(Activity) The reply should contain every entry below exactly as written, with no images.

Spatial localization data
........
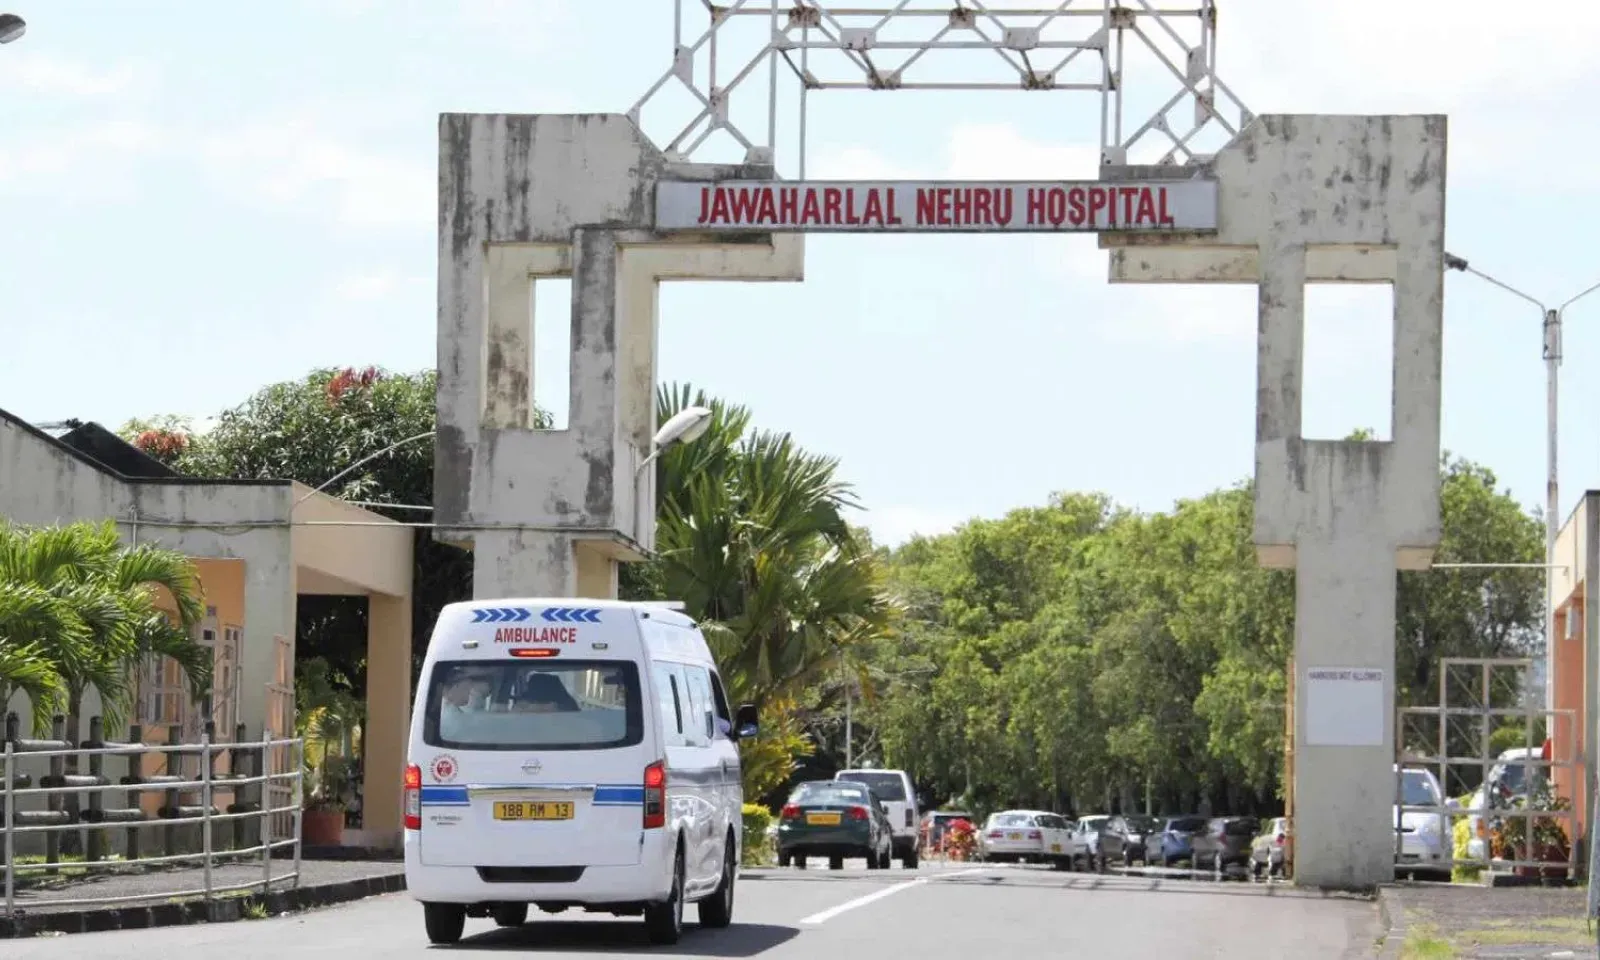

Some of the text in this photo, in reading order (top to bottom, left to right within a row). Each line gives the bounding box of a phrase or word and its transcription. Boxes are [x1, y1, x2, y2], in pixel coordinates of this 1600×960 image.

[698, 187, 1175, 228] JAWAHARLAL NEHRU HOSPITAL
[494, 627, 577, 643] AMBULANCE
[502, 803, 524, 817] 188
[555, 803, 569, 817] 13
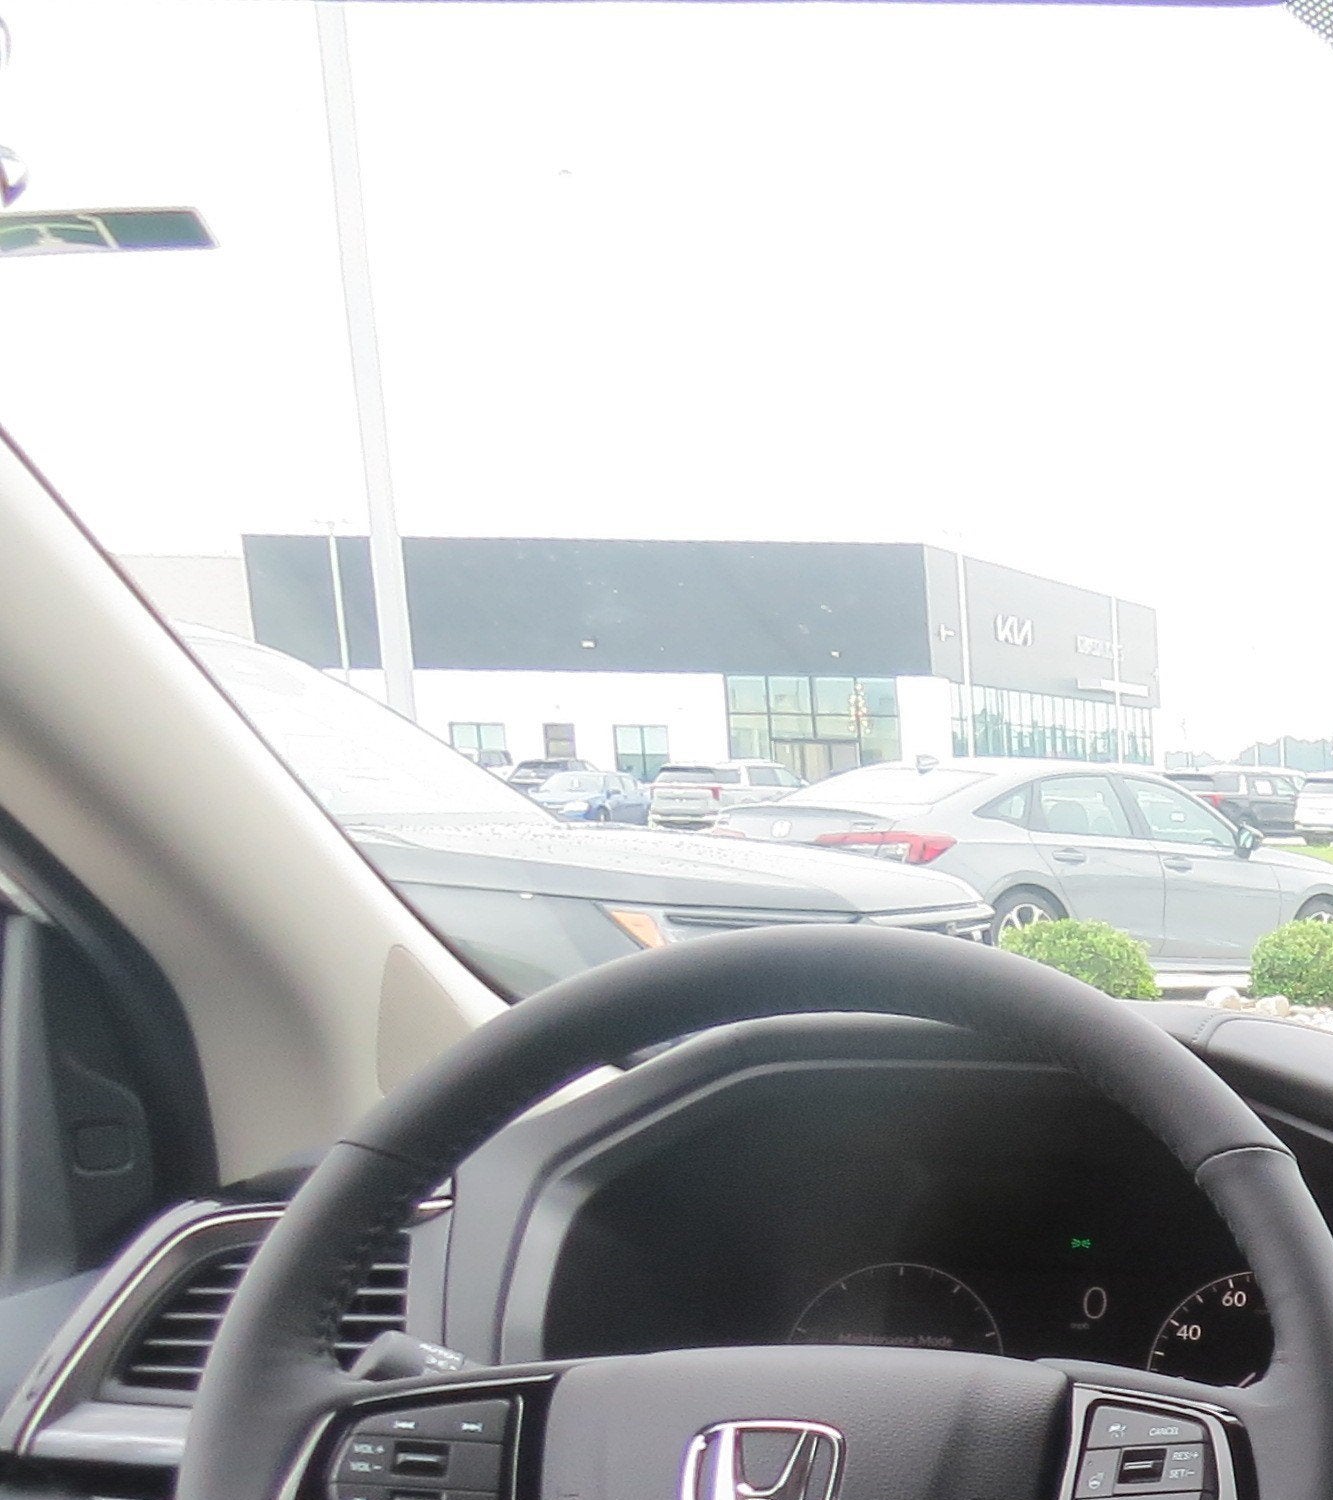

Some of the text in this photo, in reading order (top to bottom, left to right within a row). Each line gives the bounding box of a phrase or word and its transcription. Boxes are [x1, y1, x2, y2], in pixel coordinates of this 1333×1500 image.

[1083, 1286, 1107, 1319] 0
[1221, 1290, 1248, 1308] 60
[1175, 1324, 1201, 1341] 40
[1149, 1426, 1179, 1436] CANCEL
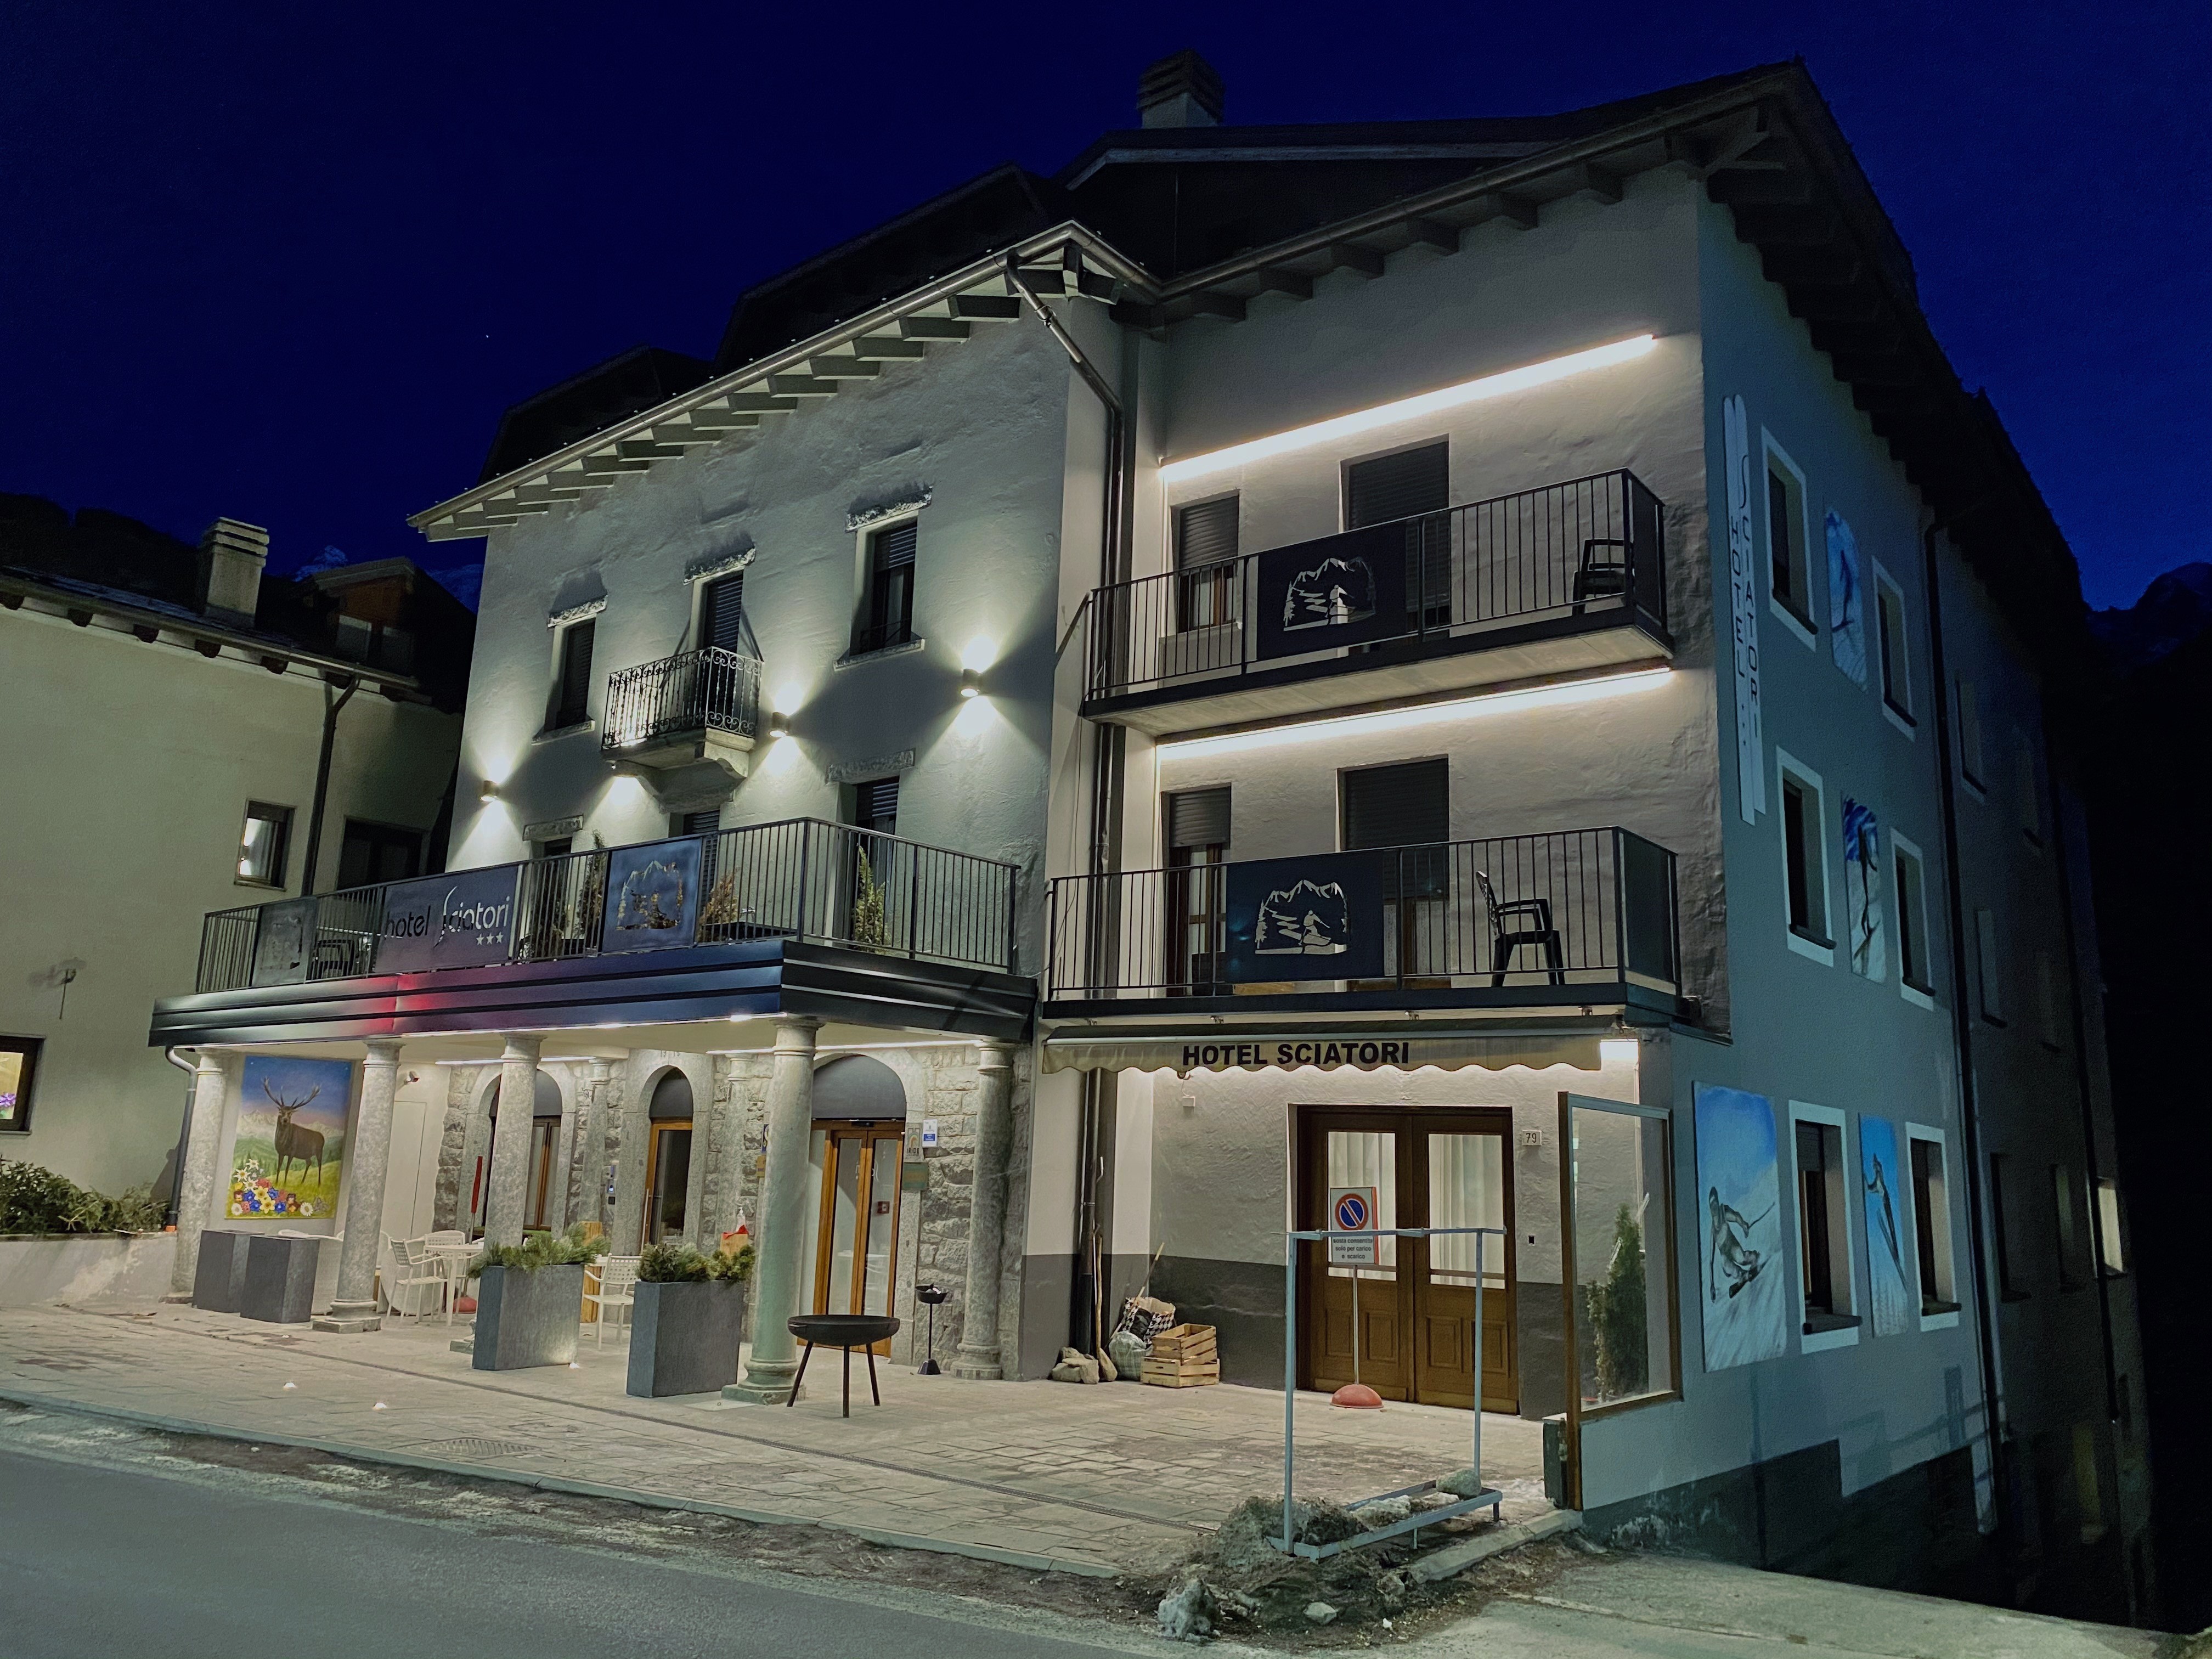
........
(Response for this exercise)
Some of the text in this photo, in reading order (top to bottom, left to right within a row). Each line gives the bounding box of a phrase or word and its transcription. Boxes are [x1, y1, x2, y2], in pixel coordinates of this 1600×960 image.

[698, 187, 1175, 228] JAWAHARLAL NEHRU HOSPITAL
[494, 627, 577, 643] AMBULANCE
[502, 803, 524, 817] 188
[555, 803, 569, 817] 13

Some of the text in this photo, in reading order (top to bottom, left to right within a row). Each line gives the bounding box of a phrase or word and its transcription. Boxes are [x1, y1, x2, y2], in pixel coordinates of this 1333×1500 image.

[1083, 1286, 1107, 1319] 0
[1221, 1290, 1248, 1308] 60
[1175, 1324, 1201, 1341] 40
[1149, 1426, 1179, 1436] CANCEL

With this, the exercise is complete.